Parenscript supports a subset of loop macro:

POFTHEDAY> (ps
             (loop :with collection =  '(1 2 3)
                   :for i :in collection
                   :do ((@ console log)
                       i)))
"(function () {
    var collection = [1, 2, 3];
    var _js8 = collection.length;
    for (var _js7 = 0; _js7 < _js8; _js7 += 1) {
        var i = collection[_js7];
        console.log(i);
    };
})();"

And also it allows you to write custom macroses which will expand into the Javascript Code!

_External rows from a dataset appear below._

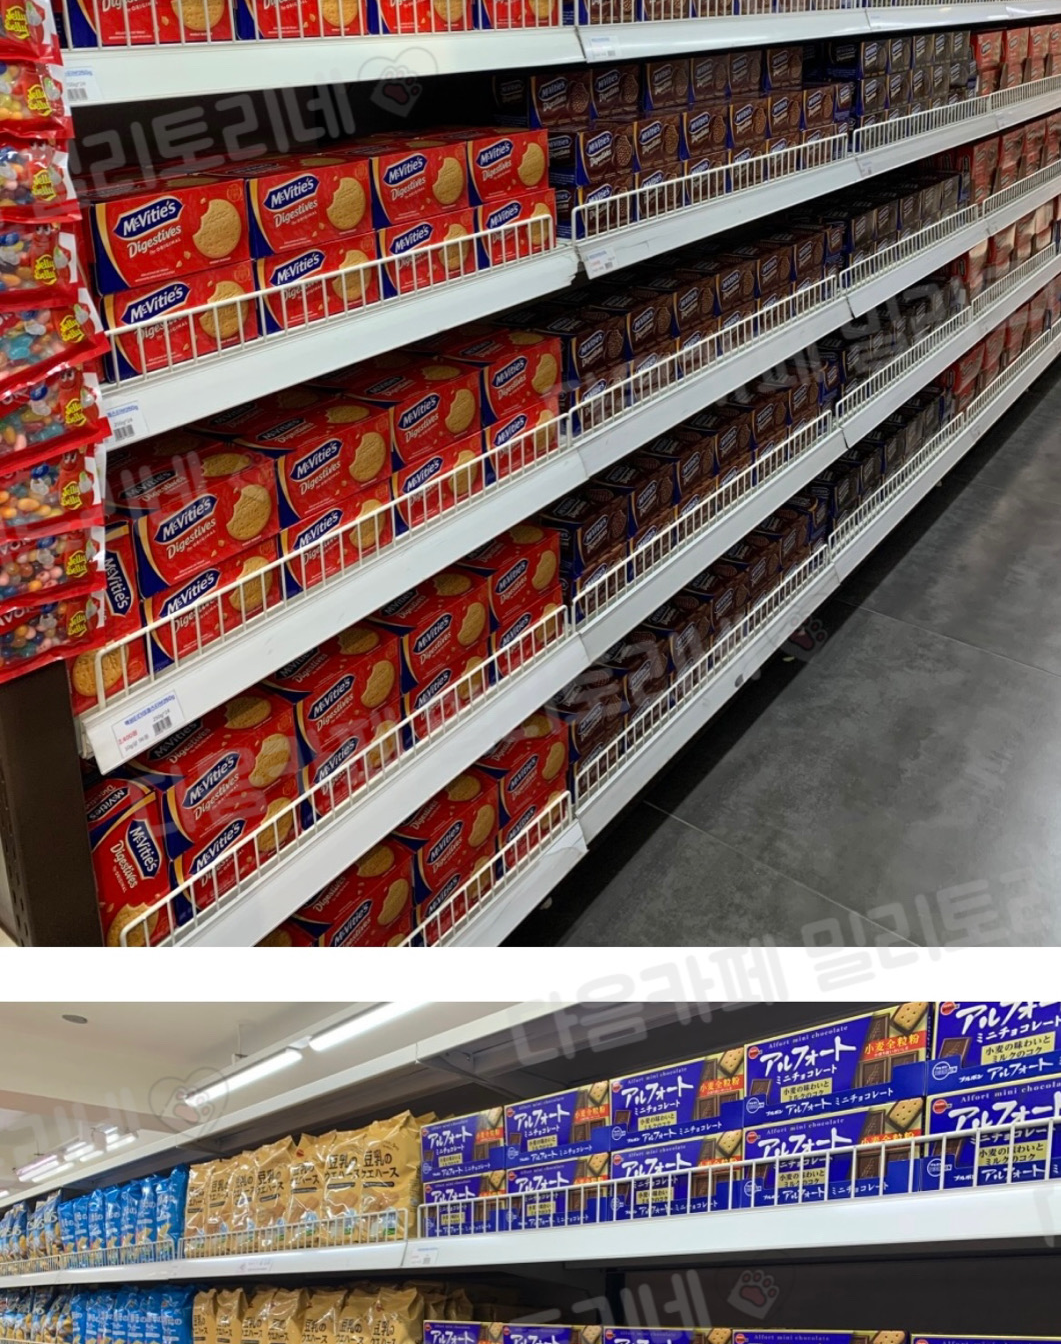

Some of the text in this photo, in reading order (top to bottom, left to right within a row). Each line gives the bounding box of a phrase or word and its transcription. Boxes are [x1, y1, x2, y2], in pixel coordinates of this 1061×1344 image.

[389, 158, 423, 182] McVitie's
[480, 143, 510, 165] McVitie's
[271, 177, 313, 208] McVitie's
[391, 177, 426, 201] Digestives
[123, 200, 176, 236] McVitie's
[274, 200, 318, 228] Digestives
[127, 225, 182, 259] Digestives
[395, 226, 429, 253] McVitie's
[277, 252, 320, 285] McVitie's
[130, 286, 184, 323] McVitie's
[402, 396, 437, 428] McVitie's
[405, 413, 439, 443] Digestives
[297, 442, 338, 478] McVitie's
[300, 460, 341, 496] Digestives
[162, 497, 211, 541] McVitie's
[166, 518, 216, 560] Digestives
[167, 571, 215, 617] McVitie's
[417, 616, 450, 650] McVitie's
[420, 631, 452, 665] Digestives
[313, 676, 351, 717] McVitie's
[316, 694, 354, 732] Digestives
[190, 756, 235, 804] McVitie's
[194, 774, 240, 820] Digestives
[110, 840, 138, 889] Digestives
[130, 826, 157, 872] McVitie's
[811, 1025, 848, 1039] chocolate
[865, 1034, 920, 1054] 小麦全粒粉
[985, 1036, 1051, 1057] 小麦の味わいと
[760, 1036, 857, 1077] アルフォート
[987, 1058, 1053, 1080] アルフォート
[776, 1063, 837, 1085] ミニチョコレート
[622, 1076, 694, 1108] アルフォート
[786, 1087, 894, 1115] アルフォート ミニチョコレート
[961, 1087, 1018, 1103] Alfort mini
[514, 1103, 571, 1129] アルフォート
[364, 1150, 392, 1167] 豆乳の
[304, 1319, 326, 1333] 豆乳の
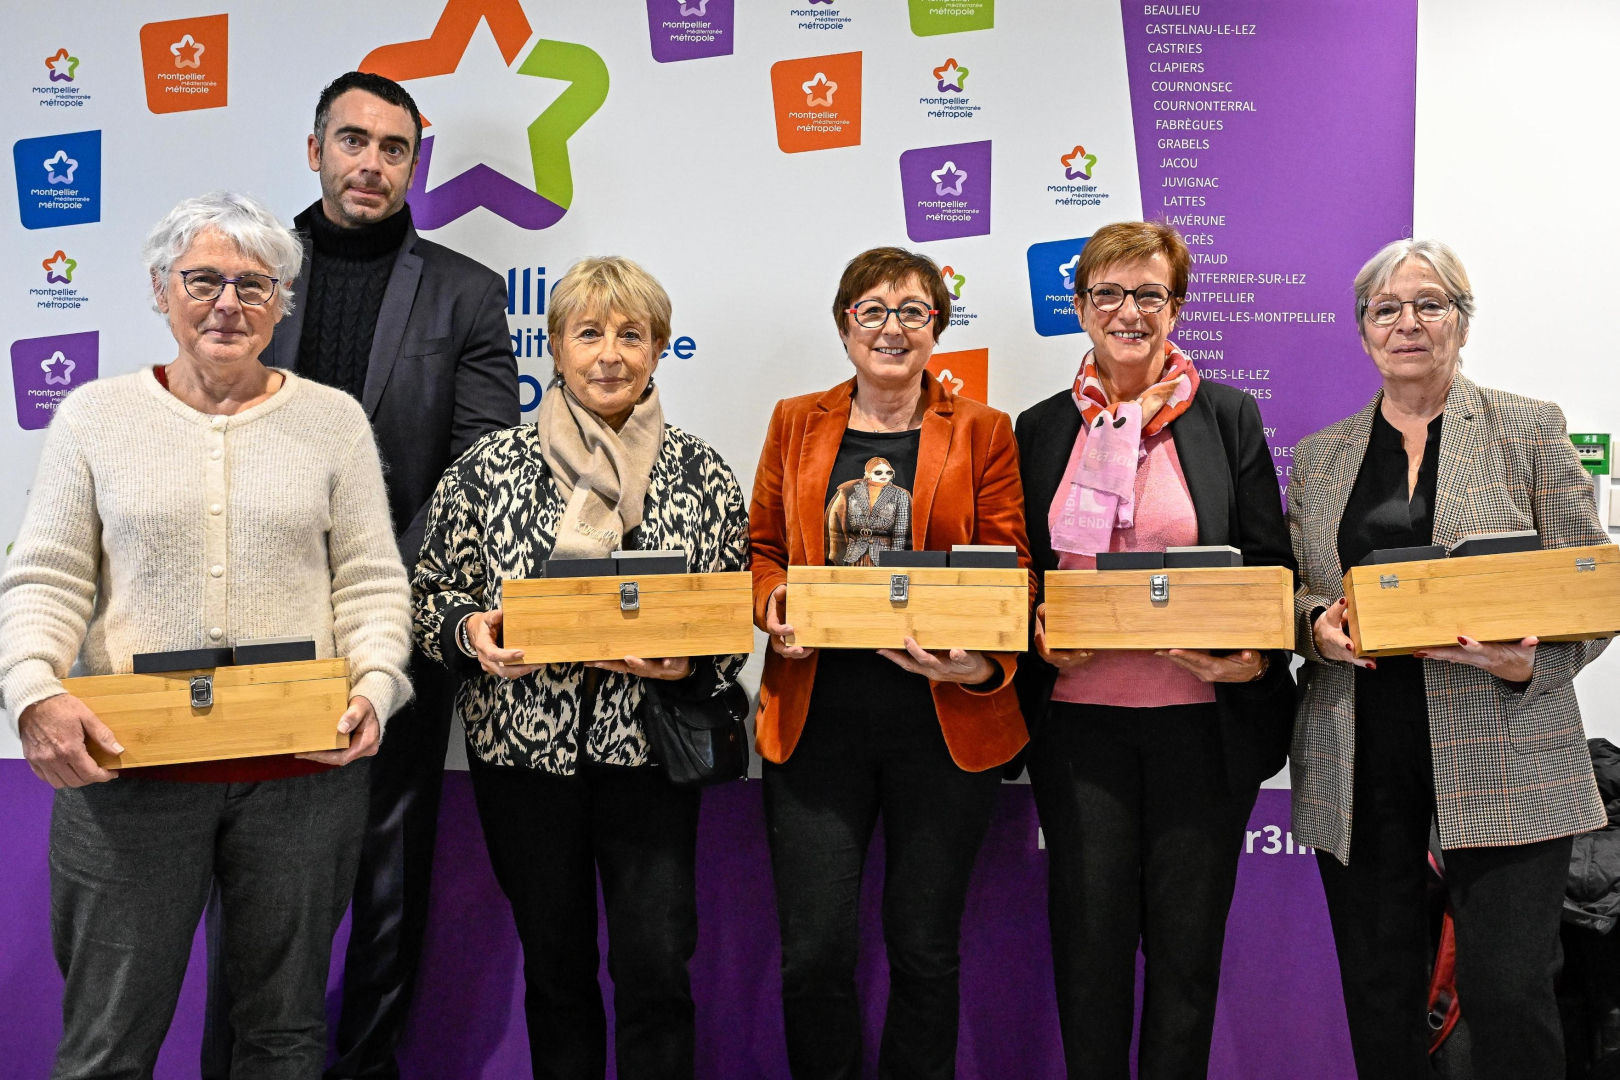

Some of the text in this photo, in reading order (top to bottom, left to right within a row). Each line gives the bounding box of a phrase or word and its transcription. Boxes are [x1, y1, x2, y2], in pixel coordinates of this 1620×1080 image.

[791, 9, 840, 17] Montpellier
[929, 7, 975, 17] Métropole
[1144, 5, 1200, 16] BEAULIEU
[662, 21, 711, 29] Montpellier
[798, 22, 844, 31] Métropole
[1146, 24, 1256, 35] CASTELNAU-LE-LEZ
[670, 34, 715, 43] Métropole
[1147, 43, 1203, 54] CASTRIES
[1149, 62, 1205, 73] CLAPIERS
[157, 73, 206, 81] Montpellier
[32, 86, 80, 95] Montpellier
[165, 86, 209, 94] Métropole
[1151, 81, 1233, 92] COURNONSEC
[39, 98, 84, 107] Métropole
[919, 97, 970, 106] Montpellier
[1153, 100, 1257, 112] COURNONTERRAL
[788, 111, 838, 119] Montpellier
[927, 110, 973, 119] Métropole
[796, 124, 842, 133] Métropole
[1155, 118, 1224, 131] FABRÈGUES
[1157, 139, 1210, 150] GRABELS
[1159, 158, 1198, 169] JACOU
[1161, 177, 1219, 188] JUVIGNAC
[30, 188, 79, 197] Montpellier
[1047, 184, 1097, 194] Montpellier
[38, 201, 83, 210] Métropole
[918, 200, 968, 209] Montpellier
[1055, 198, 1101, 207] Métropole
[1164, 196, 1206, 207] LATTES
[925, 213, 972, 222] Métropole
[1166, 213, 1226, 226] LAVÉRUNE
[1184, 232, 1214, 245] CRÈS
[1190, 254, 1228, 264] NTAUD
[1185, 273, 1307, 285] NTFERRIER-SUR-LEZ
[29, 288, 77, 297] Montpellier
[1184, 292, 1255, 303] ONTPELLIER
[37, 301, 81, 310] Métropole
[1177, 328, 1223, 341] PÉROLS
[1198, 369, 1270, 380] ADES-LE-LEZ
[1078, 516, 1112, 529] ENDL

There are few ways to define macroses for Parenscript here is one of them. We'll define a macro in Common Lisp code and then will call this macro from Parenscript:

POFTHEDAY> (ps:defpsmacro awhen (test &body body)
             `(let ((it ,test))
                (when it
                  ,@body)))

POFTHEDAY> (ps
             (let ((some-var 100500))
               (awhen (= some-var 42)
                 ((@ console log)
                  "Some var is" it))))
"(function () {
    var someVar = 100500;
    var it = someVar === 42;
    __PS_MV_REG = [];
    return it ? console.log('Some var is', it) : null;
})();"

Rewriting macro for Parenscript is not a fan. Why you should do this if macro already exists for Common Lisp?

You shouldn't!

Import existing Lisp macro into the Parenscript!

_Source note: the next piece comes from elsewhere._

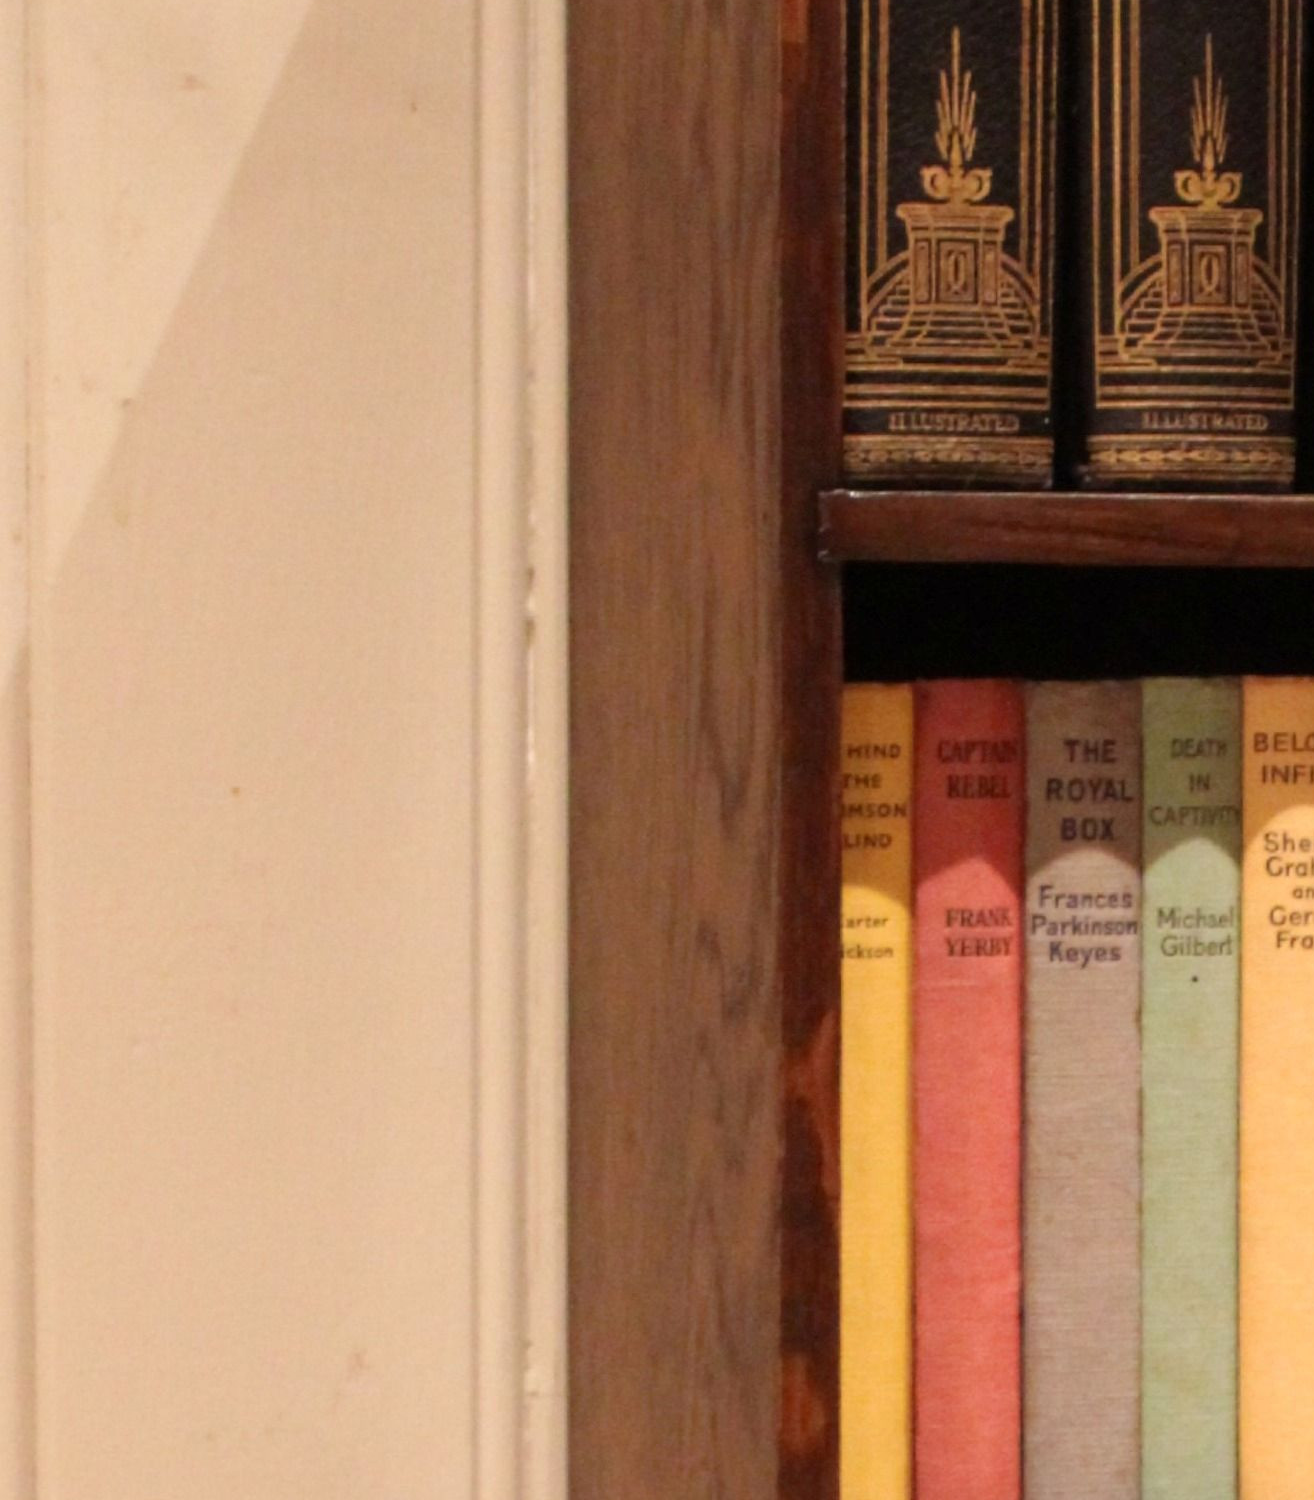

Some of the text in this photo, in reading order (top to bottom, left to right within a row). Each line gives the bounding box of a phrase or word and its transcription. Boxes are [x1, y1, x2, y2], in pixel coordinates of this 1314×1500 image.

In the next example, I'll show you how to reuse anaphoric if from rutils:

;; First, let's eval our form in Common Lisp
POFTHEDAY> (rutils:aif (= 1 2)
              (list :status :ok
                    :result rutils:it)
              (list :status :fail
                    :result rutils:it))
(:STATUS :FAIL :RESULT NIL)

;; By default it will not work:
POFTHEDAY> (ps
             (rutils:aif (= 1 2)
                (list :status :ok
                      :result it)
                (list :status :fail
                      :result it)))
"aif(1 === 2,
     ['status', 'ok', 'result', it],
     ['status', 'fail', 'result', it]);"

;; But we can import the macro:

POFTHEDAY> (ps:import-macros-from-lisp
            'rutils:aif)

POFTHEDAY> (ps
             (rutils:aif (= 1 2)
                (list :status :ok
                      :result it)
                (list :status :fail
                      :result it)))
"(function () {
    var it = 1 === 2;
    return it ? ['status', 'ok', 'result', it]
              : ['status', 'fail', 'result', it];
})();"

There is also built-in support for HTML rendering. Parenscript supports Allegro HTMLGen DSL:

POFTHEDAY> (ps
             (defun render-link (user)
               (ps:ps-html
                ((:a :href (+ "https://foo.bar/"
                               (get-nickname user)))
                 (get-name user)))))
"function renderLink(user) {
    __PS_MV_REG = [];
    return ['<a href=\\\"',
            'https://foo.bar/' + getNickname(user),
            '\\\">',
             getName(user),
            '</a>'].join('');
};"

And CL-WHO:

POFTHEDAY> (ps
             (defun render-link (user)
               (ps:who-ps-html
                (:a :href (+ "https://foo.bar/"
                              (get-nickname user))
                 (get-name user)))))
"function renderLink(user) {
    __PS_MV_REG = [];
    return ['<a href=\\\"',
            'https://foo.bar/' + getNickname(user),
            '\\\">',
             getName(user),
            '</a>'].join('');
};"

With Parenscript you can create client-side applications or code for running on Node.js. All of this, using Common Lisp power. Isn't it cool?